# Let us talk decaf



## 4085 (Nov 23, 2012)

I wish I could title that something else, but I am in a position where I now have no choice.....decaf or nowt! So, I can sit and complain or get on with it. I am currently drinking a Coffee Compass bean which is extra mahogany roasted. I find it ok to quite nice. Do any other decaf drinkers feel able to chip in with suggestions? I have only had it once before and I cannot remember the beans being beyond medium, but I am told many roasters take decaf further. I have not really started looking in earnest as I still have 3 weeks of beans left, but is there a reason why a lot of roasters use Guatemalan?

I have so much to learn! My preferred bean is a darker roast without flipping fruit!


----------



## ronsil (Mar 8, 2012)

Well I'm into my second week of decaf but it really isn't going to last.

My sleep has not been good for nearly a year now so I thought I'd give the decaf a try.

Everybody is different but it has not helped me one bit up to now. Am using the same mahogany roast Beans.

Initial taste is acceptable to good but the aftertaste is vile. Leaves an unpleasant background taste as if it was Robusta, which I know it isn't.

Unless the doctor insists I don't think I can live with the decaf.

Keeping on with it for another week but if sleep does not improve its back to what I have become customised too over so many years.


----------



## 4085 (Nov 23, 2012)

ronsil said:


> Well I'm into my second week of decaf but it really isn't going to last.
> 
> My sleep has not been good for nearly a year now so I thought I'd give the decaf a try.
> 
> ...


Ron, I am 2 weeks plus a little more in and my sleep patterns are changing noticeably now. I slept last night without getting up which is strange, and I am feeling far more fulfilled when I get up. I think it takes a good couple of weeks to get it out of your system, so I hope to her back in another week with positive news. For myself, and I appreciate we are all different, there is no way back to caffeine for me now.

I find the beans we are using fine but there can be an aftertaste. When I use the HG One I find it not so bad, so perhaps it is just getting the right extractions


----------



## UbiquitousPhoton (Mar 7, 2016)

I will second it needing 2 or three weeks to fully get through your system. Its not a pleasant two or three weeks either.

Who's beans are you using @ronsil?


----------



## UbiquitousPhoton (Mar 7, 2016)

Oh, and what method was used to decaffinate - I did find differences between the methods, and this was back then when I didn't really know arse from elbow.


----------



## 4085 (Nov 23, 2012)

I think we are both drinking this

  



UbiquitousPhoton said:


> Oh, and what method was used to decaffinate - I did find differences between the methods, and this was back then when I didn't really know arse from elbow.


----------



## urbanbumpkin (Jan 30, 2013)

I haven't tried the coffee compass decaff. Avenue coffee's decaf is one of the best I've tried. Not that I try that many.


----------



## ronsil (Mar 8, 2012)

UbiquitousPhoton said:


> I will second it needing 2 or three weeks to fully get through your system. Its not a pleasant two or three weeks either.Who's beans are you using @ronsil?

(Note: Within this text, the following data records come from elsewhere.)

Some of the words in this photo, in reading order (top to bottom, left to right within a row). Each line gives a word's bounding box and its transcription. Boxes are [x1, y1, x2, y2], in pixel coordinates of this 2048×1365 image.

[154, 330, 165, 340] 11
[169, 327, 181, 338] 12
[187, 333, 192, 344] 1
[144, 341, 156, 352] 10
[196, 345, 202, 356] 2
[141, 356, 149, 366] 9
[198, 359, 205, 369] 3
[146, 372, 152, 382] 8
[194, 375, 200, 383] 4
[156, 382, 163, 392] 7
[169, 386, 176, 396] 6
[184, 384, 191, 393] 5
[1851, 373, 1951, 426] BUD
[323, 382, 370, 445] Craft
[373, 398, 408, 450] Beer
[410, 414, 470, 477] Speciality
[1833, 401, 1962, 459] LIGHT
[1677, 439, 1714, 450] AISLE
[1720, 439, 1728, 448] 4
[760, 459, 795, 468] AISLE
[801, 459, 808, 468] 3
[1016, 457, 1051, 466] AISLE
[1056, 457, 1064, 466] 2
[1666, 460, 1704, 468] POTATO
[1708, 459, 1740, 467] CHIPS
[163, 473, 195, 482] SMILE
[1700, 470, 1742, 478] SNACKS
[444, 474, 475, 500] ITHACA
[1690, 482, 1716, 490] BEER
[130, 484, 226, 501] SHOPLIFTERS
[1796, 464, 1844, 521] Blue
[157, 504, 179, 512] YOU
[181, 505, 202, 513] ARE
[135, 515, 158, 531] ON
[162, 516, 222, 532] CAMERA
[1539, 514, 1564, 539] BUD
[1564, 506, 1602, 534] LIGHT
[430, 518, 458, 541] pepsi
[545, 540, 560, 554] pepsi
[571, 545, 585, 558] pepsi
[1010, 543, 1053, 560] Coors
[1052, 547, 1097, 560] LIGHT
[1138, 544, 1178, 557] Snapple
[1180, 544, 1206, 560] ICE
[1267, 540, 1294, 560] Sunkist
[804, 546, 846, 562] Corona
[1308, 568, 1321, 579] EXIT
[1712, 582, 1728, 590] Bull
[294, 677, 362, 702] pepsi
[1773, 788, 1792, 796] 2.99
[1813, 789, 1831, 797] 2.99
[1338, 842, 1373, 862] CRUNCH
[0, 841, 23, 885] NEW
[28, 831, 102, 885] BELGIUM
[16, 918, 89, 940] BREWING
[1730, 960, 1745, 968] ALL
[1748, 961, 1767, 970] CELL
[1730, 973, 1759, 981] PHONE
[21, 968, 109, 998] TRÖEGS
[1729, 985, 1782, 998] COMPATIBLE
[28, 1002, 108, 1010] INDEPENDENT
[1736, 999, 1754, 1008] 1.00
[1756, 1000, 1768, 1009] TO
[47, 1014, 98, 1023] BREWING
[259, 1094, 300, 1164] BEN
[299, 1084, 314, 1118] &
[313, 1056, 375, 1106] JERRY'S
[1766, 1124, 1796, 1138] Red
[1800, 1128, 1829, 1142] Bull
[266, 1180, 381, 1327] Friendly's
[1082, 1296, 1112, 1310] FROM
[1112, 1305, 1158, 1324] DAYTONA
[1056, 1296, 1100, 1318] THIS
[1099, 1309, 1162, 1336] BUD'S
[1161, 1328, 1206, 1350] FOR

My Beans came from Coffee Compass:

*Colombia Supremo CO2 Decaffeinated *



*
*Very dark roasted. Richard also sent me a couple of others to try. Will get round to them at the weekend.

Looks like a long haul. We'll see what happens.


----------



## Rhys (Dec 21, 2014)

Our lass has to have decaf as caffeine makes her ill. I tend to get her Carvetii coffee from Northumberland. It's one of the nicest we've had. The last roast they did had liquorice notes. It doesn't strike you as a decaf tbh so might be worth a try?


----------



## kimura (Sep 12, 2016)

Definitely not a dark roast but perhaps the tastiest decaf I have had was from Artisan Roast... Beans from Brazil, Swiss water processed in Canada


----------



## Phobic (Aug 17, 2016)

We drink about a KG of decaf a week mainly as Americano's saving my espresso shots for caf.

I've got to say that there are some great decafs out there now, recent highlights:-

Coffee Compass - Sumatra Swiss water decaf was excellent.

Bella - Guatemala swiss water was pretty good

Workshop - Suaza Decaf (sugar method), is more medium roast but full of flavour and the stand out of the bunch so far for me.

I'm currently on Hasbean Colombia, not that far into the bag but I'm impressed so far.

Head for Coffee Compass if you want it darker, but the workshop is certainly worth a try.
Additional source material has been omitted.